DATA SUPPLIED.
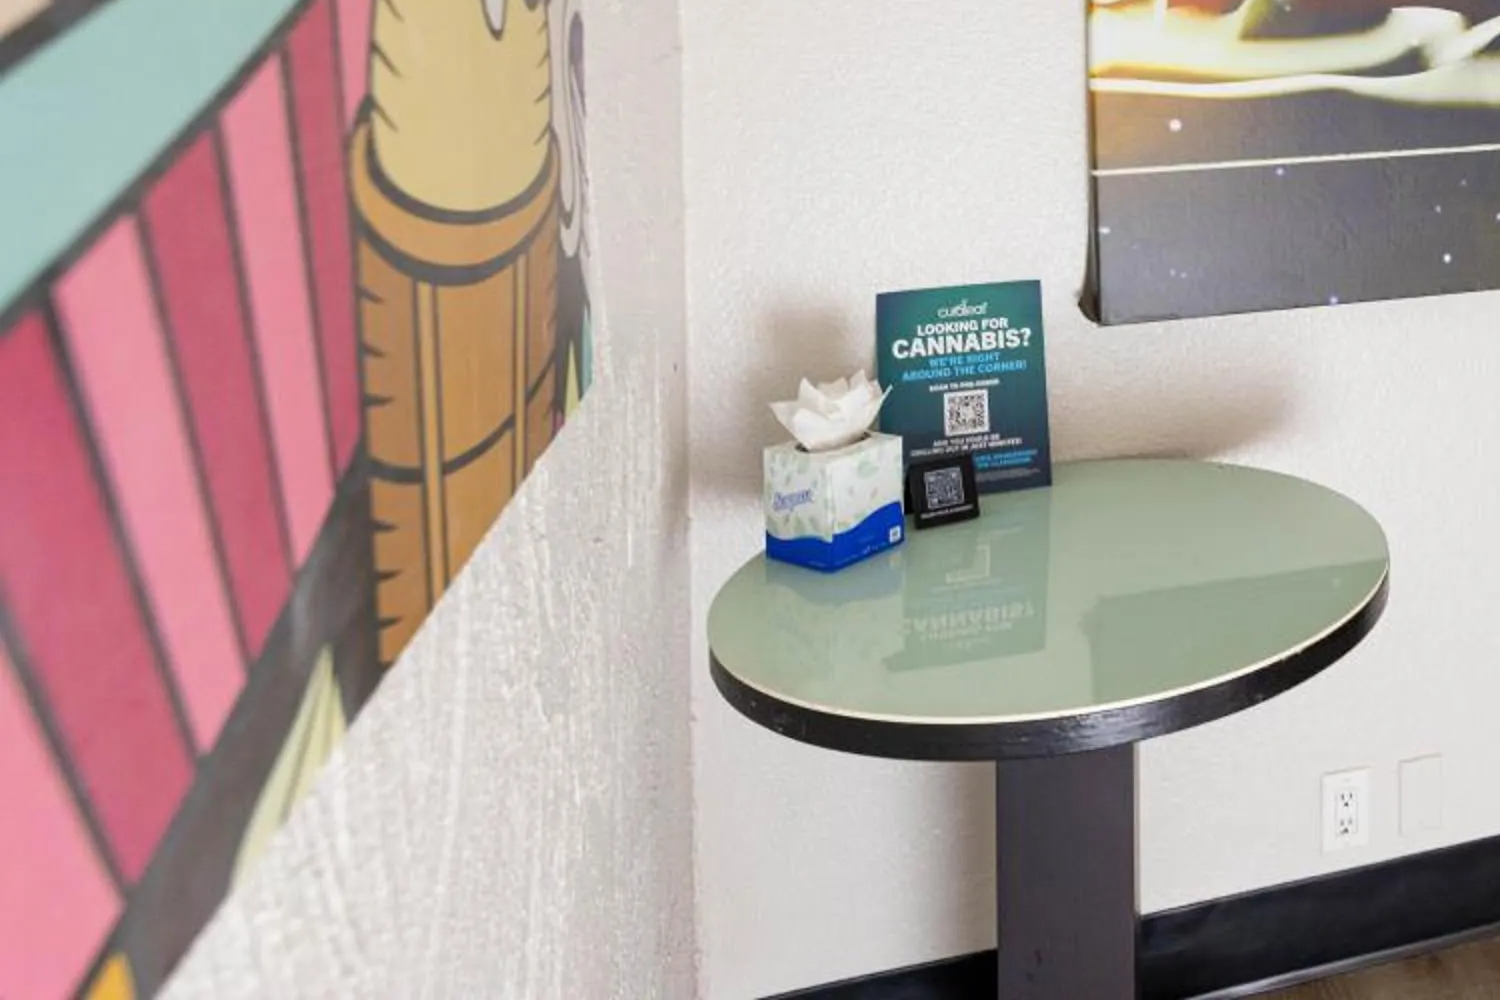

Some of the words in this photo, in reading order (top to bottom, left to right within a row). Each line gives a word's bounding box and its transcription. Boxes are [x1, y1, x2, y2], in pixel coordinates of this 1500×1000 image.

[917, 320, 978, 337] LOOKING
[982, 317, 1009, 330] FOR
[892, 328, 1032, 359] CANNABIS?
[902, 367, 951, 381] AROUND
[954, 366, 977, 376] THE

YOUR INSTRUCTIONS.
Give every line above again exactly, with no pictures.

RESPONSE.
Some of the words in this photo, in reading order (top to bottom, left to right within a row). Each line gives a word's bounding box and its transcription. Boxes are [x1, y1, x2, y2], in pixel coordinates of this 1500×1000 image.

[917, 320, 978, 337] LOOKING
[982, 317, 1009, 330] FOR
[892, 328, 1032, 359] CANNABIS?
[902, 367, 951, 381] AROUND
[954, 366, 977, 376] THE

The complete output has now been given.